Zaś potem czekało nas danie główne. Mecz nr 7 między broniącymi tytułu Raptors, a młodą, ale niesamowicie groźną ekipą Bucks. Raczej chodzi o Boston.
Zastanawia mnie czemu Nurse nie grał więcej Ibaką? Gasol miał ze dwie dobre akcje w całych tegorocznych PO. Cegli niesamowicie – 18% za trzy, jest wolny i w ogóle bardzo się zestarzał. Michałowicz wiecznie gada o dobrym wpływie jego specjalnej diety a gość ma tłuste łapy i biega jak Shaq w Celtics. Nie wiem, gdzie się podział ten Gasol z Miśków, postrach zza łuku, mistrz defensywy itp.
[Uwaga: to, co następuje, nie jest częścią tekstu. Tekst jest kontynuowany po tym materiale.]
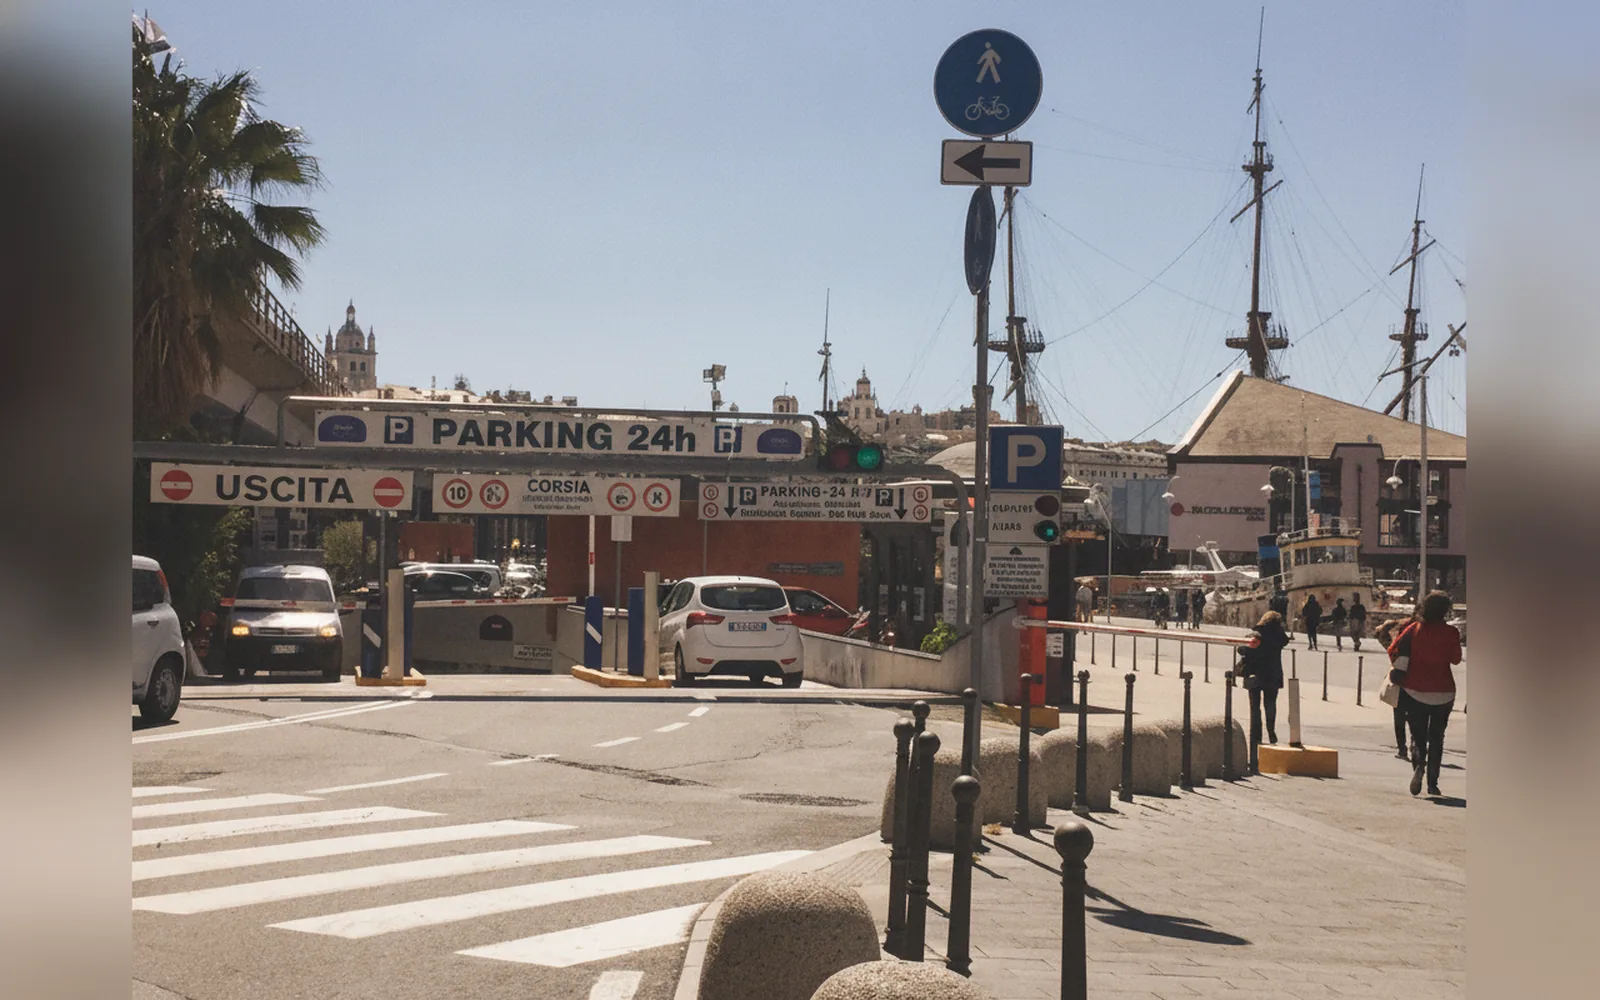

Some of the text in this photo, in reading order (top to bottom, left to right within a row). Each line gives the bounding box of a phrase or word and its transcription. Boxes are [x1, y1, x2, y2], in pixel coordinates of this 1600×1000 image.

Nurse tutaj zawalił i w półtora sezonu zrobił z topowego centra ligi niemalże kalekę…
Najgorsze, że grał tym kaleką a Ibaka grzał ławę. Generalnie wygląda na to, że wylewam żale na Nurse’a, starego Hiszpana i upływ czasu itp ale prawdę powiedziawszy, to największy zawód sprawił Siakam. Przepłacili go sromotnie.
Ibaka od G5 grał z poważną kontuzją kostki.